Editor’s Desk: Learned outrage in America 

 

I’m astonished at how naïve I was as an undergraduate at Hofstra University on Long Island. I thought I was doing something. I now understand it as a nice memory, a little bit of action for the good, but so focused on a detail. I was lost in the woods and couldn’t see the whole planet. 

My lovely woods were a 1980s apartheid protest. Hundreds of us called on the university to divest from South Africa. We marched all around campus, on the university’s narrow paths through its Dutch tulips. We poked at Hofstra’s then-motto, chanting, “We teach success, so let’s divest.” 

Rob Golub

Some students saw our signs and camaraderie and joined us as we walked. That was cool. One man, to my surprise, hollered a nasty word at us as we passed. He turned and fled afterwards 

I wore my Alpha Epsilon Pi shirt and, with my fist literally in the air, made the front page of the Hofstra (… wait for it …) Chronicle. 

I’m an Ashkenazi Jew and I’d attended a public high school on Long Island that was almost entirely Ashkenazi. I didn’t have a lot of experience with other cultures, though I sure thought I was worldly. For days after the march, people of color who I’d never spoken with before stopped me to say hi. They stared and smiled. They glowed at me, but why? What’s the big deal, I thought, aren’t human rights just obvious? 

Skip ahead to today. 

Today, the conviction of Derek Chauvin in the murder of George Floyd seems a kind of signpost. It’s a moment for reflection. This is what we’ve come to. It’s a convergence of journeys, mine and the people at Hofstra who so warmed up to me. 

Wherever they are, they’ve lived now for decades in an America that I understood poorly in my youth. In their America, you get pulled over and hope the cop is OK. You live in a country where you get the feeling there are quite a few people who don’t want you around. You wonder what your place is. Or so I’ve surmised or been told.  

As a Jew, I at least have a scintilla of experience to help me understand. Once, at a wedding, I met a woman who had never really spoken with a Jew. We met at the ketuba. It was perched on an easel at the reception. She saw me looking at it and asked me about it, then asked about Judaism. I gently delivered the basics and she graciously thanked me. 

Later, she was drunk and on the dance floor, dancing past me. She laughingly told me I was “going to Hell” and she was not. 

I’m left wondering, how can we do better? In a sense, how can we all learn to occupy the same dance floor with love and understanding?   

I still feel the outrage that I felt at apartheid, but now I have learned to feel yet more of it. I’m outraged that my fellow Black students were put in a place of so much hunger for equality that I became a hero by simply showing up for the obvious.

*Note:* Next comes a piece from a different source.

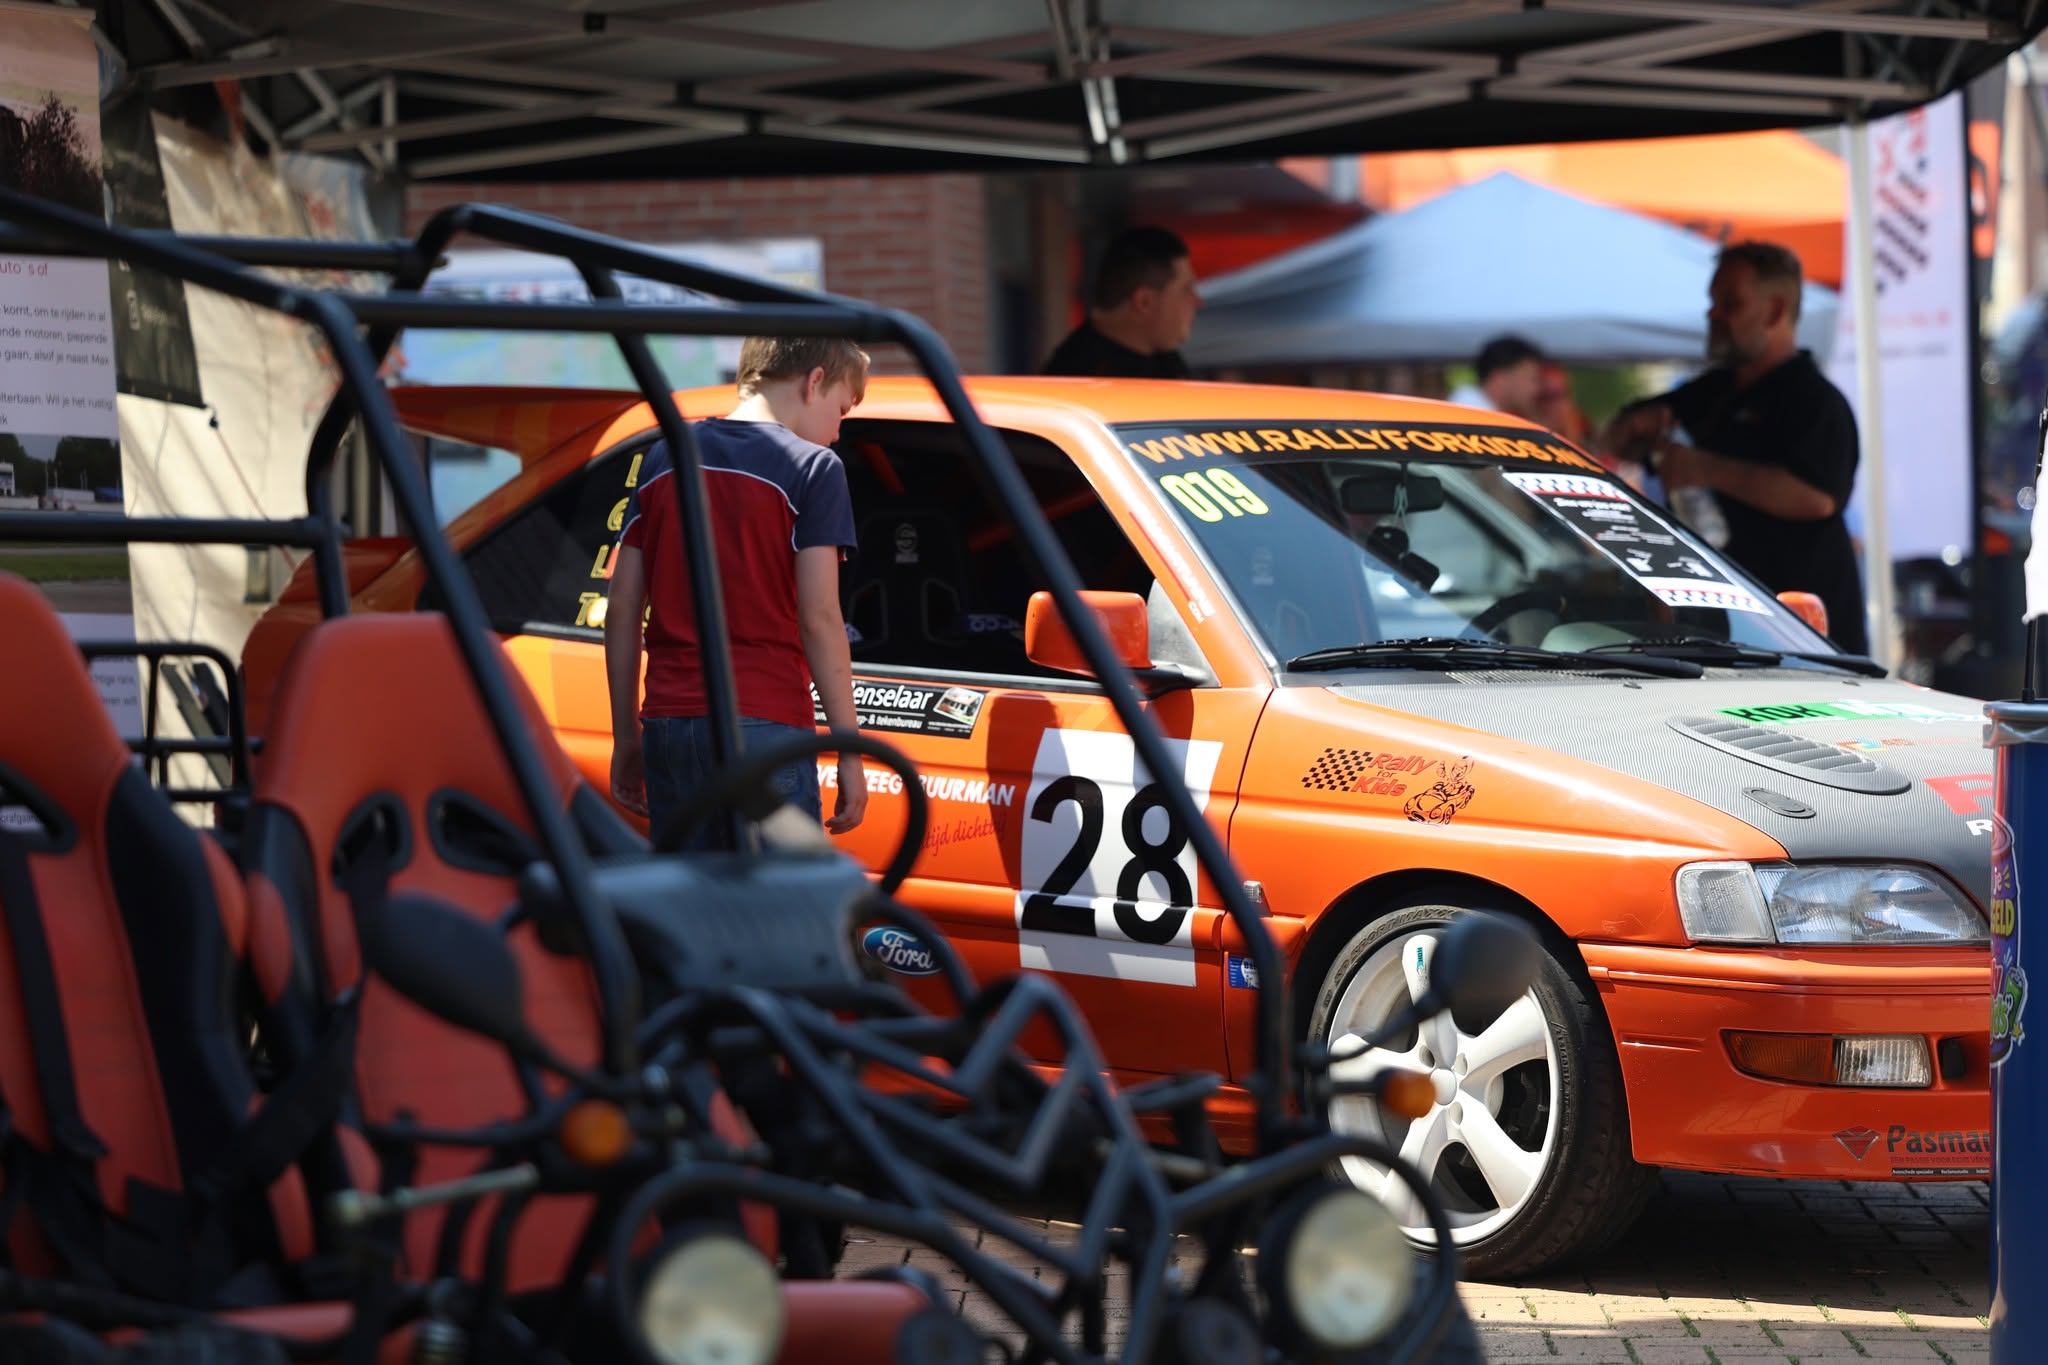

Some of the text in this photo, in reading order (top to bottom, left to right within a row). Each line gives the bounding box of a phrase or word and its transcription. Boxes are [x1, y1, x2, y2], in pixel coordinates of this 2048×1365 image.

Over the years since that march, some people of color have been kind enough to teach me something of their experiences, their fears, and Im outraged they must live with that. 

Finally, I’m outraged that Geroge Floyd was killed under the knee of an officer of the law in Minneapolis. No conviction can make this better.  

We all deserve a better America. We’ve got to keep working for it. 

Rob Golub is editor of the Wisconsin Jewish Chronicle.